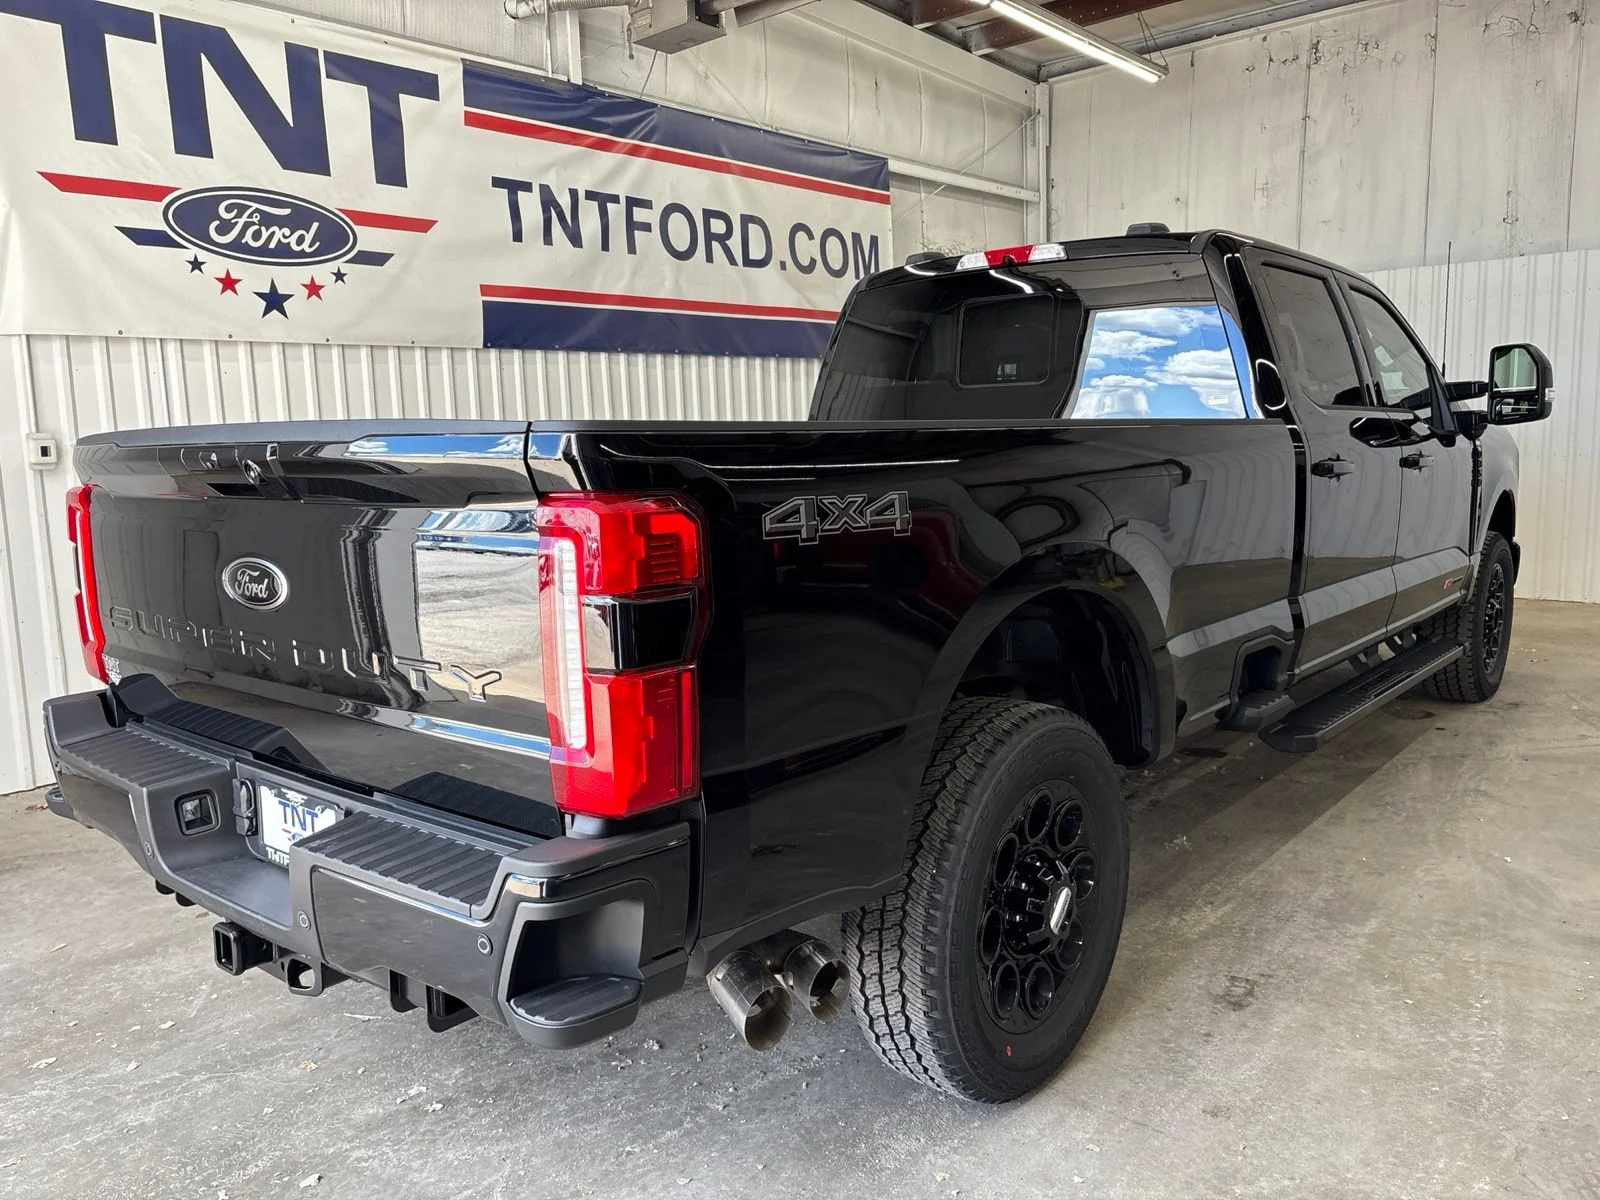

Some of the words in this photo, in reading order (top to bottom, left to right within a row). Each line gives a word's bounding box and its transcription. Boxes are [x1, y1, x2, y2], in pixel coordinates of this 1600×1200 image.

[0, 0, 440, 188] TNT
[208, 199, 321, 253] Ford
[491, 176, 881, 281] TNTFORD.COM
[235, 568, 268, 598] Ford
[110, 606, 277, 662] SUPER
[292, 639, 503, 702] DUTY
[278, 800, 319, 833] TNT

Assignment
Set down the material above as is, without any pictures.

Response to this exercise
Some of the words in this photo, in reading order (top to bottom, left to right within a row). Each line gives a word's bounding box and its transcription. Boxes are [x1, y1, x2, y2], in pixel coordinates of this 1600×1200 image.

[0, 0, 440, 188] TNT
[208, 199, 321, 253] Ford
[491, 176, 881, 281] TNTFORD.COM
[235, 568, 268, 598] Ford
[110, 606, 277, 662] SUPER
[292, 639, 503, 702] DUTY
[278, 800, 319, 833] TNT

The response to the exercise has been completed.